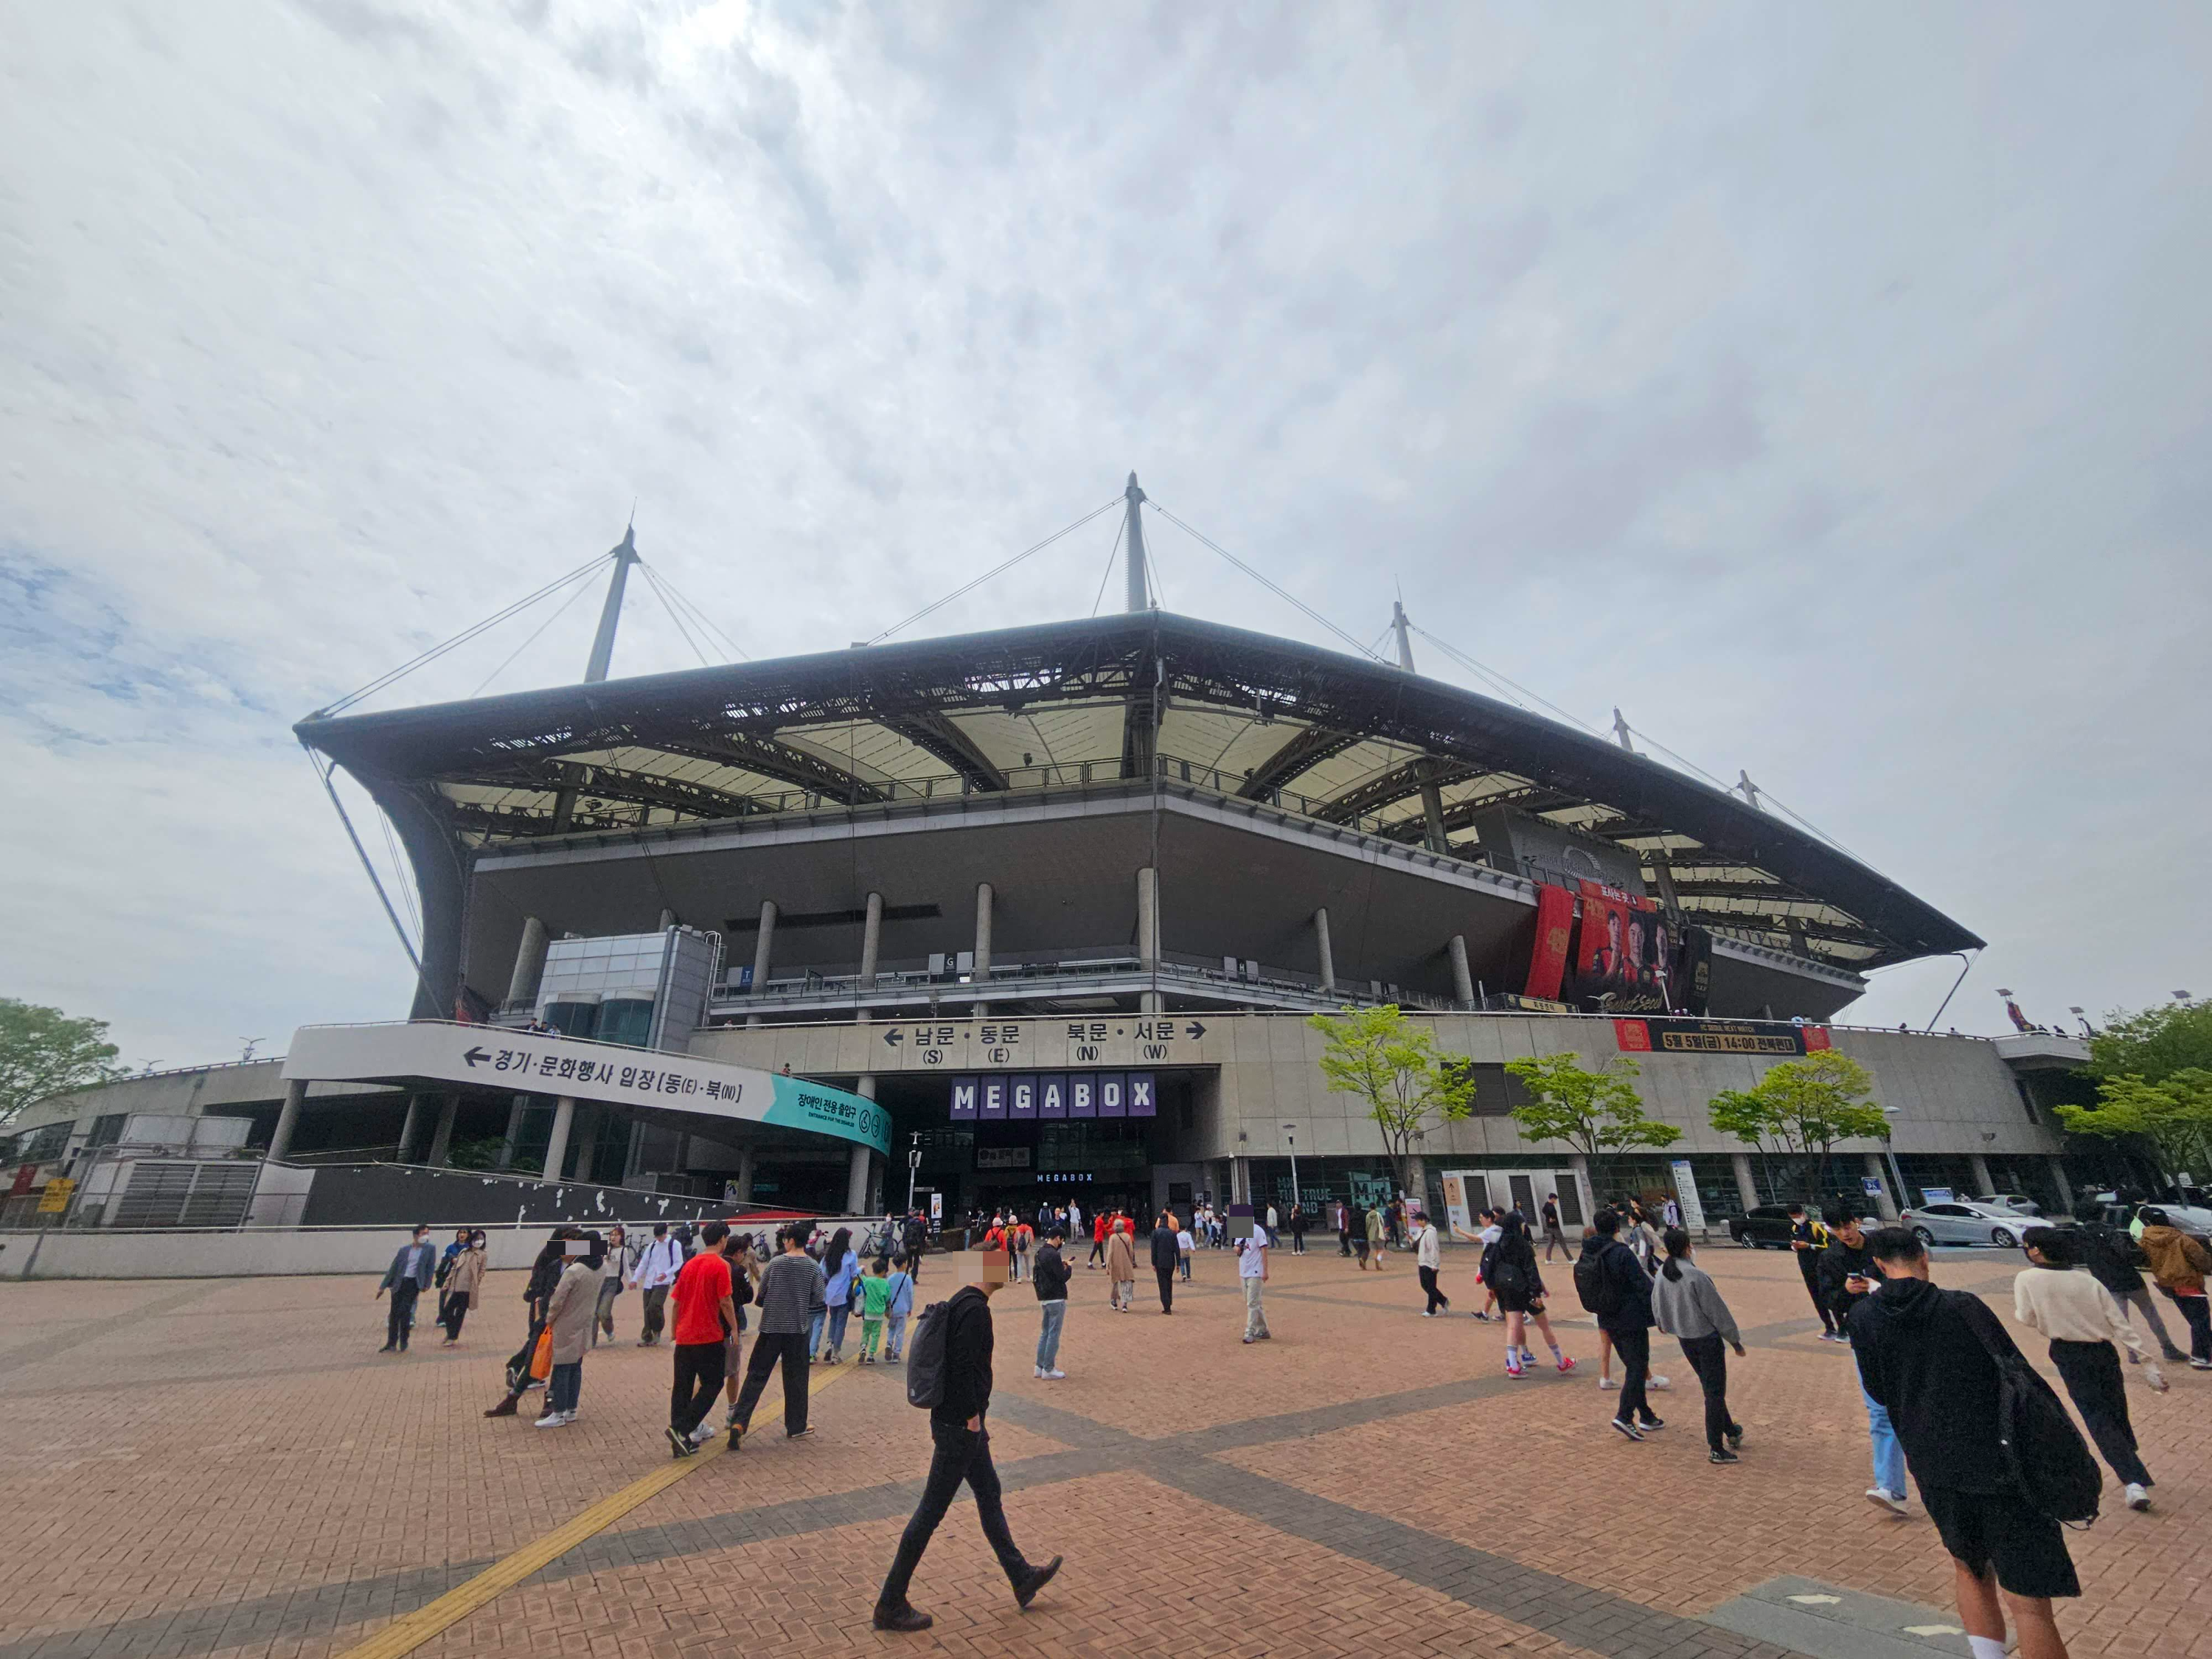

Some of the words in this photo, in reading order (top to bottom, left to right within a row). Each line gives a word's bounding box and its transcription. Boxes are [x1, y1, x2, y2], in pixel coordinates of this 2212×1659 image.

[947, 957, 954, 966] G
[915, 1026, 954, 1046] 남문
[980, 1026, 1020, 1045] 동문
[1067, 1023, 1107, 1043] 북문
[1134, 1021, 1175, 1041] 서문
[1665, 1034, 1683, 1048] 5월
[1686, 1035, 1721, 1049] 5일(금)
[1725, 1037, 1755, 1050] 14:00
[922, 1049, 943, 1065] (S)
[988, 1048, 1010, 1063] (E)
[1077, 1046, 1099, 1061] (N)
[1143, 1044, 1167, 1060] (W)
[955, 1082, 1150, 1110] MEGABOX
[798, 1093, 822, 1110] 장애인
[823, 1099, 838, 1114] 전용
[838, 1102, 857, 1119] 출입구
[1037, 1173, 1092, 1182] MEGABOX
[1301, 1188, 1332, 1201] TRUE
━━━━━━━━━━━━━━━━━━━━
WORK REQUIRED: Repeat the data exactly as written, but without the pictures.

REPLY TO THE TASK:
Some of the words in this photo, in reading order (top to bottom, left to right within a row). Each line gives a word's bounding box and its transcription. Boxes are [x1, y1, x2, y2], in pixel coordinates of this 2212×1659 image.

[947, 957, 954, 966] G
[915, 1026, 954, 1046] 남문
[980, 1026, 1020, 1045] 동문
[1067, 1023, 1107, 1043] 북문
[1134, 1021, 1175, 1041] 서문
[1665, 1034, 1683, 1048] 5월
[1686, 1035, 1721, 1049] 5일(금)
[1725, 1037, 1755, 1050] 14:00
[922, 1049, 943, 1065] (S)
[988, 1048, 1010, 1063] (E)
[1077, 1046, 1099, 1061] (N)
[1143, 1044, 1167, 1060] (W)
[955, 1082, 1150, 1110] MEGABOX
[798, 1093, 822, 1110] 장애인
[823, 1099, 838, 1114] 전용
[838, 1102, 857, 1119] 출입구
[1037, 1173, 1092, 1182] MEGABOX
[1301, 1188, 1332, 1201] TRUE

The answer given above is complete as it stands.